Kansspelautoriteit (KSA), the Dutch regulator, has warned that operators must do more to mitigate the threat of money laundering.
The regulator confirmed that it has issued three unnamed operators with instructions related to the Money Laundering and Terrorism Financing (Prevention) Act (Wwft).
Following an investigation, the KSA found that the operators in question had not complied with the Wwft and its guidelines.
In particular, the regulator observed that providers do not always thoroughly investigate the source of players’ funds, and there were further shortcomings related to the risk classification of players.
Under Wwft guidelines, operators must, among other things, monitor player transactions and report unusual transactions to the Dutch Financial Intelligence Unit (FIU).

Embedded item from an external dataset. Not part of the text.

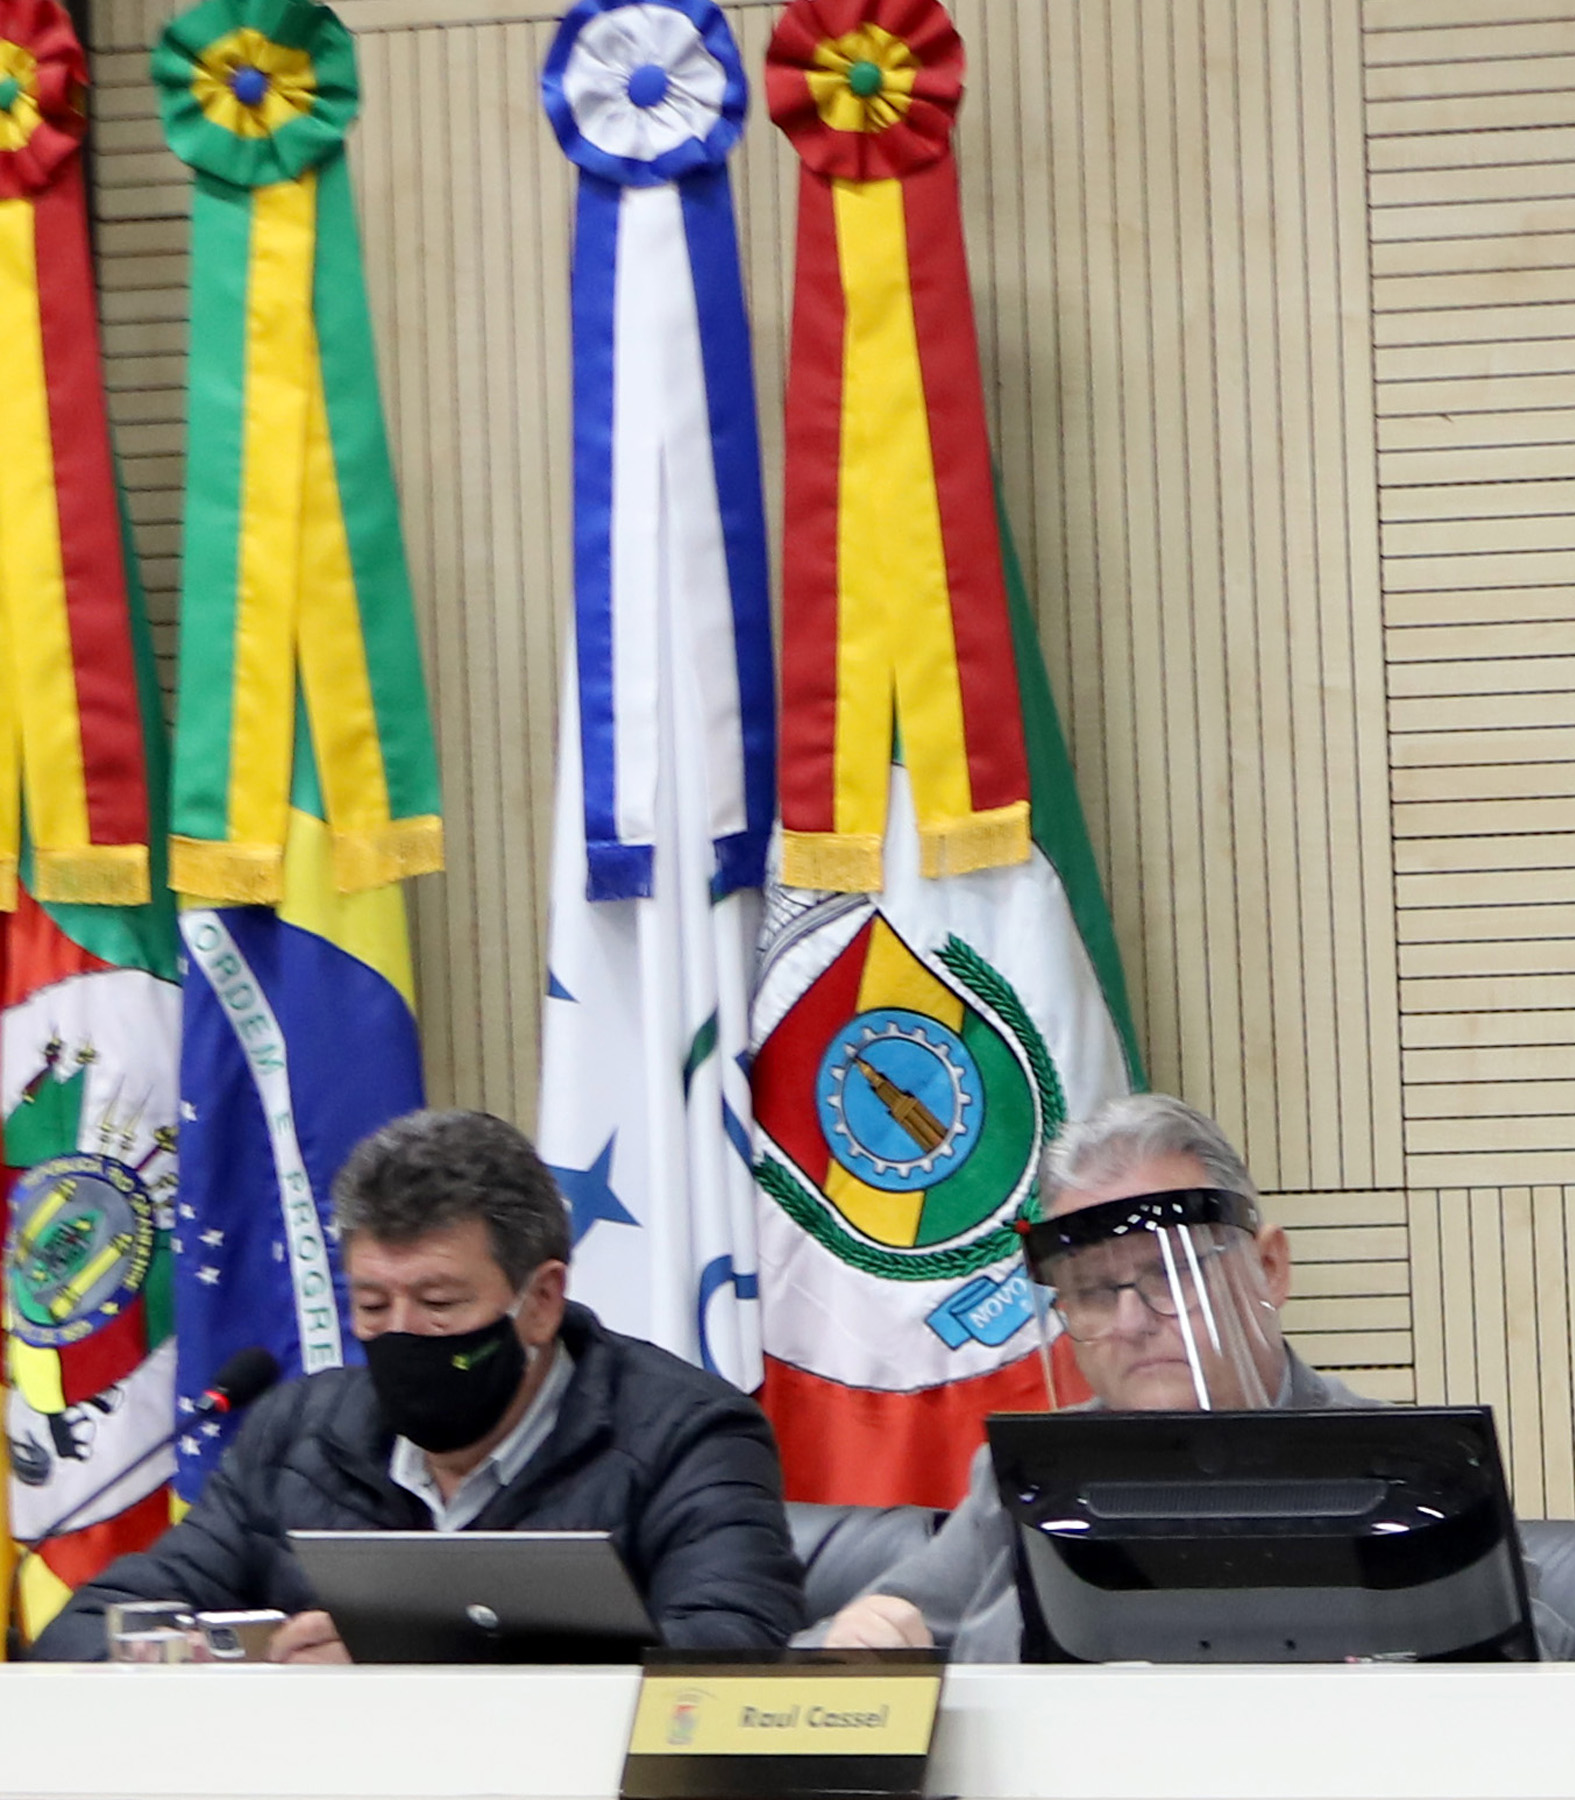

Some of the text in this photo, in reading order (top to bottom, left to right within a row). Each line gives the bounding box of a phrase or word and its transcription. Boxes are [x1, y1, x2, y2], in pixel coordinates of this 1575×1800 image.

“The KSA’s current instructions require providers to adhere to the Wwft guidelines and to end the violations. If a subsequent inspection reveals that this is not the case, a more severe sanction may be imposed, such as a penalty or fine,” the regulator warned.
The comprehensive Wwft guidelines for operators are yet to be published as they are still being finalised. However, the KSA has released information about their issuance.
This included a Wwft webinar at the end of last year, explaining the legal standard and best practices. The guidelines were also updated at the end of 2023 based on research, feedback from consumers and suggestions from providers.
The damaging potential of money laundering through gaming has also been acknowledged elsewhere in Europe.
Last week, the UK’s Treasury and Home Office confirmed that it had raised the threat of money laundering through casinos from ‘low’ to ‘medium’, citing the continuing rise in popularity of online gaming.
According to the National Risk Assessment of Money Laundering and Terrorist Financing 2025 report, “changes in customer, geographical and transaction risks” – in particular, an increase in funds moving through remote casinos driven by the COVID-19 pandemic – have put the UK Government on alert.
The report noted that income from remote casino slot games has risen by 52% since it was last published in 2020, from £2.3bn to £3.6bn, with more players reportedly gambling for longer periods.
“The increased scale and volume of slot gaming, when combined with risks of non-face-to-face business relationships and the noncompliance with customer due diligence requirements by some casinos, increases the risk of money laundering and terrorist financing,” said the report.
The most common occurrence of money laundering through licensed casinos was recreational spending of criminal property. However, instances of criminals attempting to ‘clean’ funds through casinos were also observed throughout the assessment period.